The success of Biogen’s spinal muscular atrophy treatment Spinraza has been among the few bright spots in a trying few years for the company. But new data from a competing medicine suggests diminishing returns in the future, a problem that could be exacerbated by the coronavirus pandemic.

Yesterday, partners Roche and PTC Therapeutics disclosed that their SMA treatment, risdiplam, led to a 93% one-year survival rate among patients with the most severe form of the disease. In a similar study, Spinraza kept about 84% of severe SMA patients alive after a year.

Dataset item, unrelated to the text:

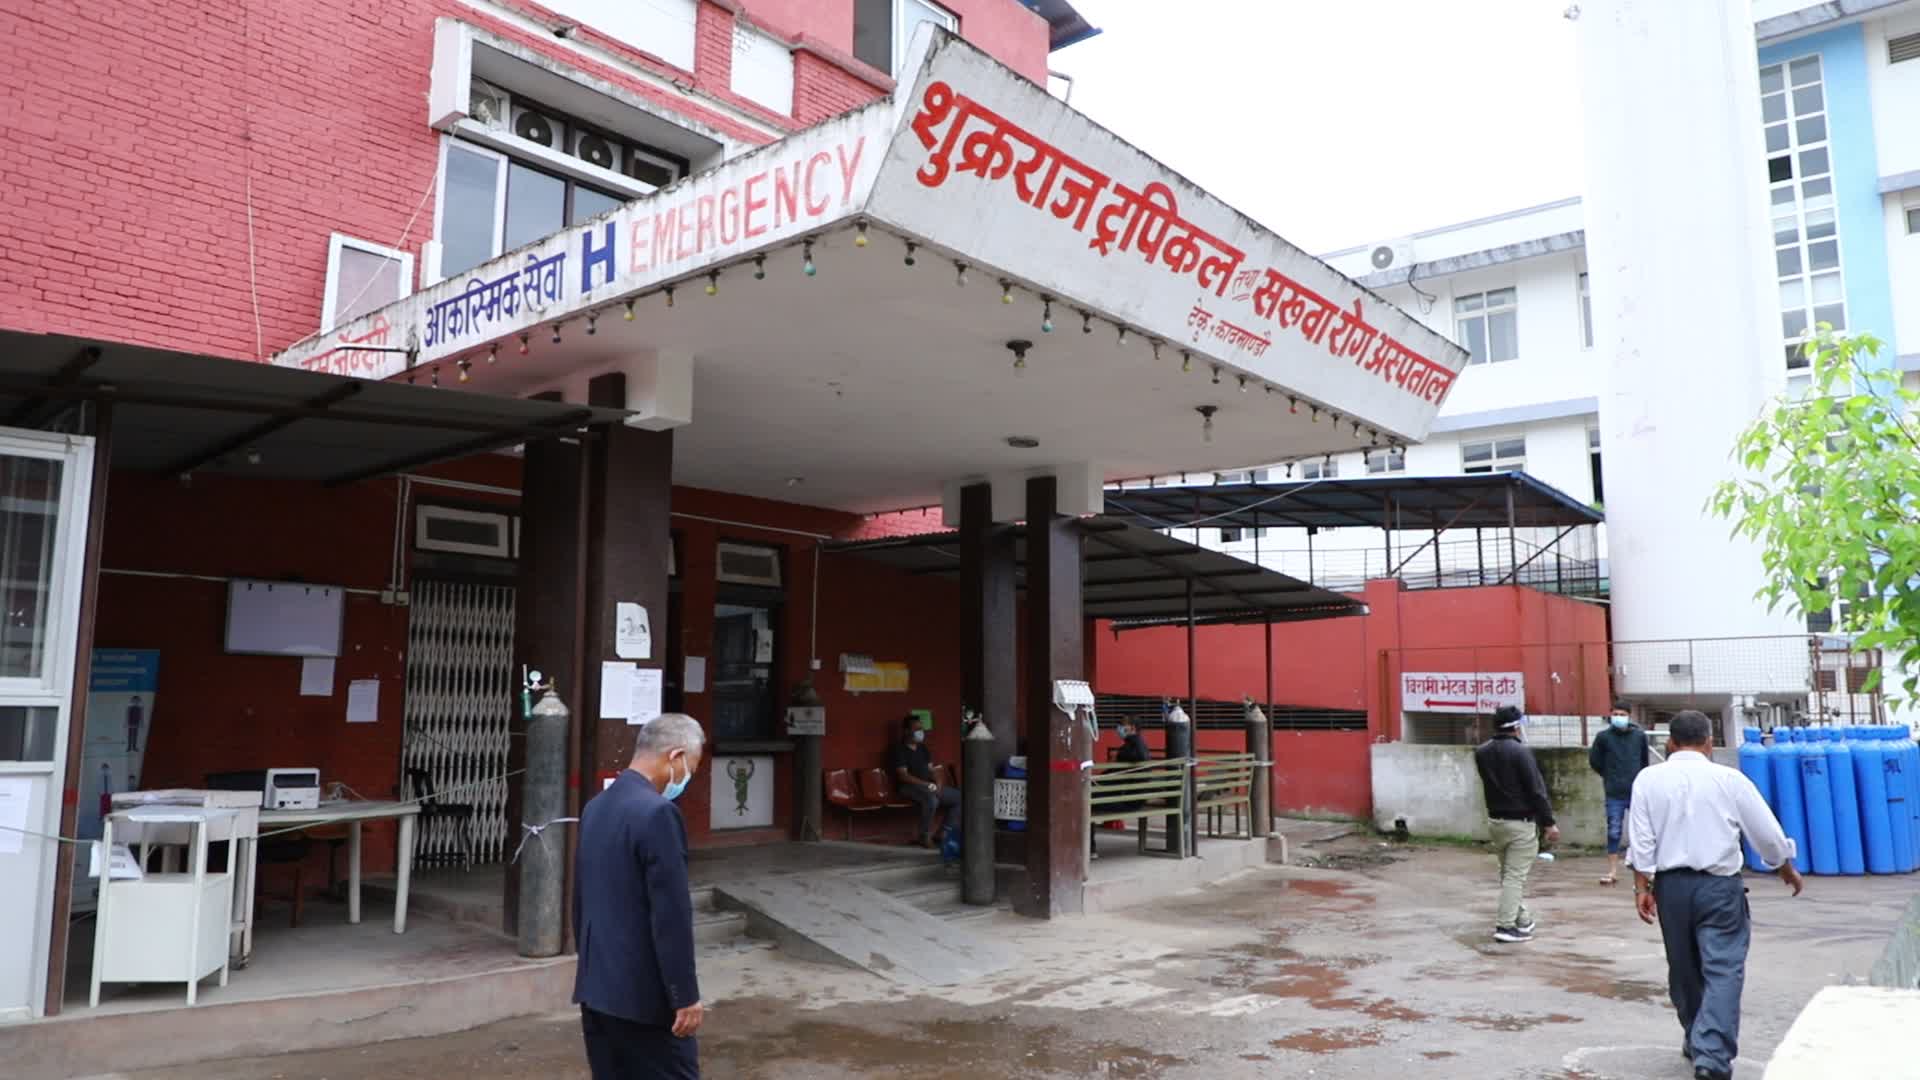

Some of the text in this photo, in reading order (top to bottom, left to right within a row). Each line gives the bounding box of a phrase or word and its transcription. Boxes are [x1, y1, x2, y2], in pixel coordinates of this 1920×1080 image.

[581, 136, 866, 293] H EMERGENCY
[424, 252, 566, 348] आकस्मिक सेवा
[1328, 297, 1379, 366] रोग
[1364, 332, 1457, 406] अस्पताल

This, of course, is good news for patients. The risk to Biogen hinges on the fact that risdiplam is an oral treatment, while Spinraza must be injected into the spine. Roche’s drug, which is up for FDA approval in August, could become the treatment of choice for patients who’d prefer not to undergo those injections, and concerns over coronavirus might prompt them to switch off of Spinraza to avoid having to go to a doctor’s office.

Further compounding the issue is Zolegensma, Novartis's gene therapy, which could soon win approval as a treatment for patients with milder SMA. That means the choice for patients would be between a one-time dose of Zolgensma, an oral treatment with risdiplam, or an every-four-months spinal injection of Spinraza. Biogen could come out the loser.


How do you run a cancer trial in a pandemic?

The coronavirus pandemic has made regular doctor visits unthinkable, and for scientists trying to rigorously test new cancer treatments, that poses a serious threat to progress.

As STAT’s Andrew Joseph reports, doctors, patients, and drug companies are getting creative to keep studies rolling and protect the integrity of science. That means couriering drugs to patients homes, using telemedicine for check-ins, and changing study sites to minimize travel.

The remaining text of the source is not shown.